Scientific classification
- Kingdom: Animalia
- Phylum: Chordata
- Class: Reptilia
- Order: Testudines
- Suborder: Cryptodira
- Family: Geoemydidae
- Genus: Siebenrockiella
- Species: S. leytensis
- Binomial name: Siebenrockiella leytensis (Taylor, 1920)
- Synonyms: Heosemys leytensis Taylor, 1920; Geoemyda leytensis Mertens, Müller & Rust, 1934; Geomyda leytensis Wermuth & Mertens, 1977; Siebenrockiella leytensis Diesmos, Parham, Stuart & Brown, 2005; Panayaenemys leytensis Vetter, 2006;

= Philippine forest turtle =

- Genus: Siebenrockiella
- Species: leytensis
- Authority: (Taylor, 1920)
- Conservation status: CR
- Synonyms: Heosemys leytensis Taylor, 1920, Geoemyda leytensis Mertens, Müller & Rust, 1934, Geomyda leytensis Wermuth & Mertens, 1977, Siebenrockiella leytensis Diesmos, Parham, Stuart & Brown, 2005, Panayaenemys leytensis Vetter, 2006

Species of turtle

Siebenrockiella leytensis is a species of freshwater turtle endemic to the Philippines.
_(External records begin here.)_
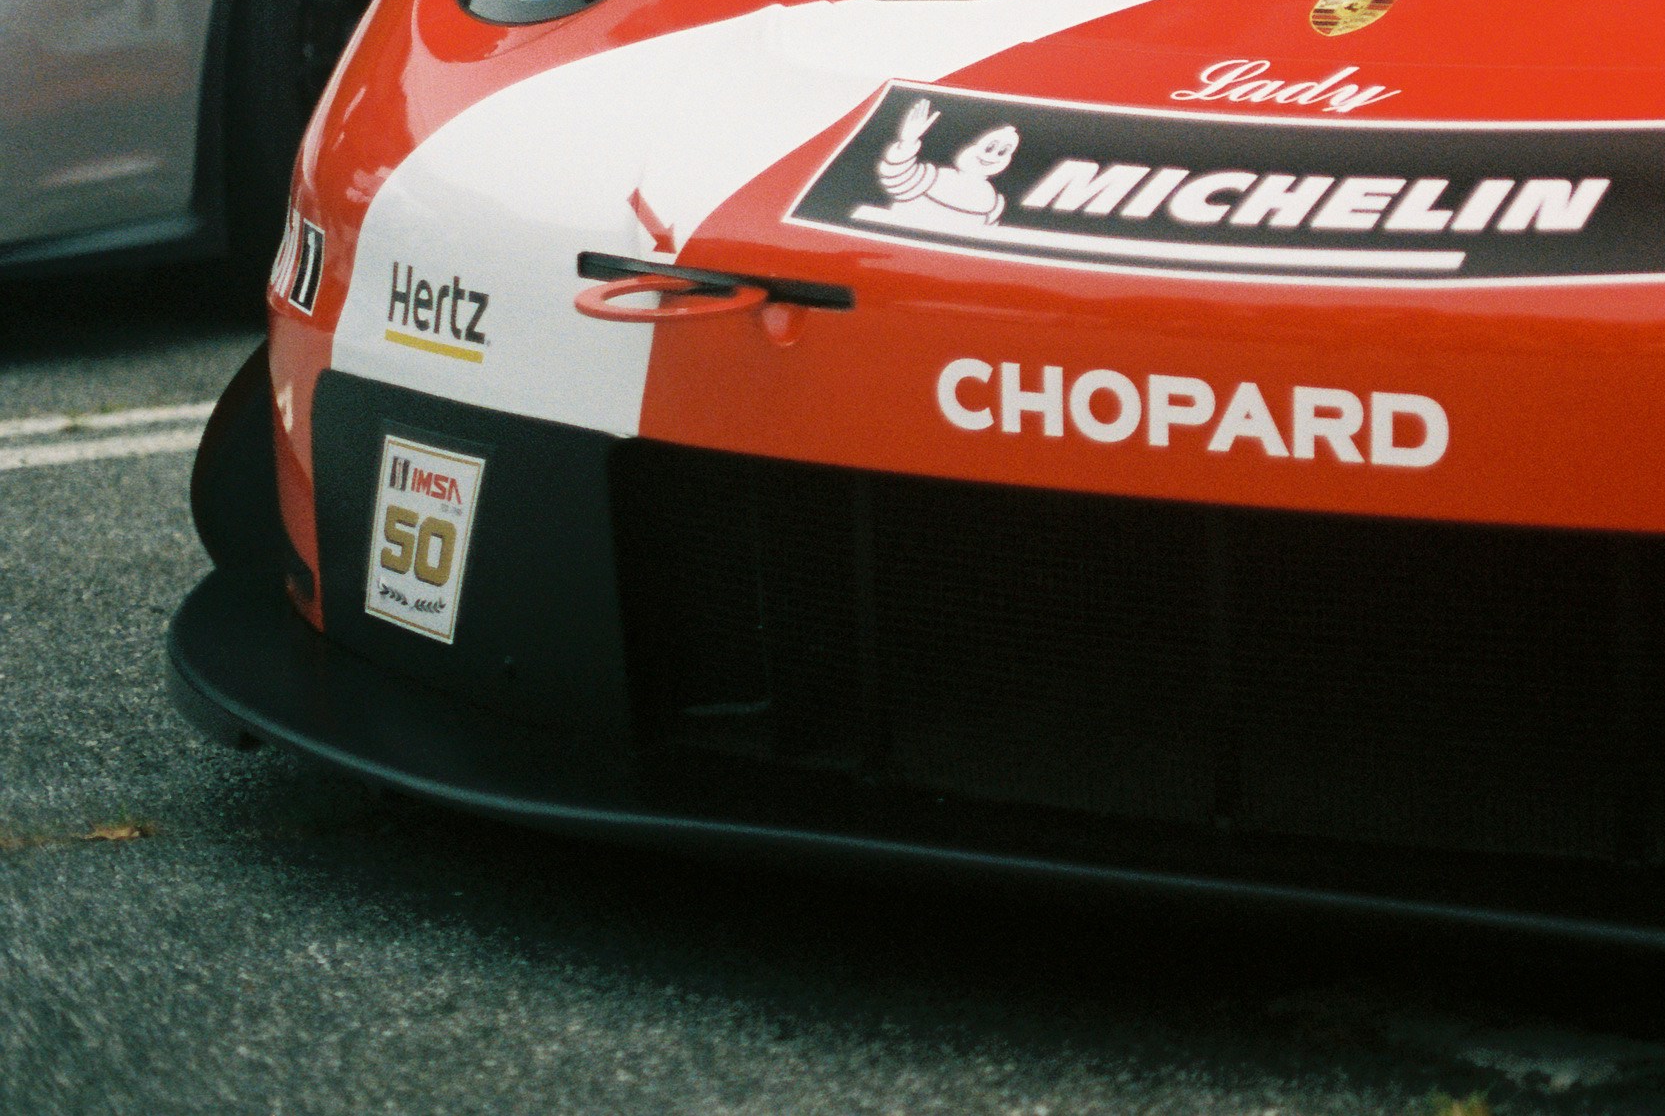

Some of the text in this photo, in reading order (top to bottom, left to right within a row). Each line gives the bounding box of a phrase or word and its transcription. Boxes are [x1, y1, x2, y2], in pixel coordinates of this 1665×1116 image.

[1171, 58, 1401, 113] Lady
[1023, 158, 1611, 234] MICHELIN
[387, 261, 490, 345] Hertz
[936, 357, 1450, 469] CHOPARD
[410, 466, 463, 505] IMSA
[380, 504, 458, 587] 50
It is classified as critically endangered. It is known as the Philippine forest turtle, the Philippine pond turtle, the Palawan turtle, or the Leyte pond turtle. Despite the latter common name, it does not occur in the island of Leyte but is instead native to the Palawan island group. It is locally known as bakoko in Cuyonon.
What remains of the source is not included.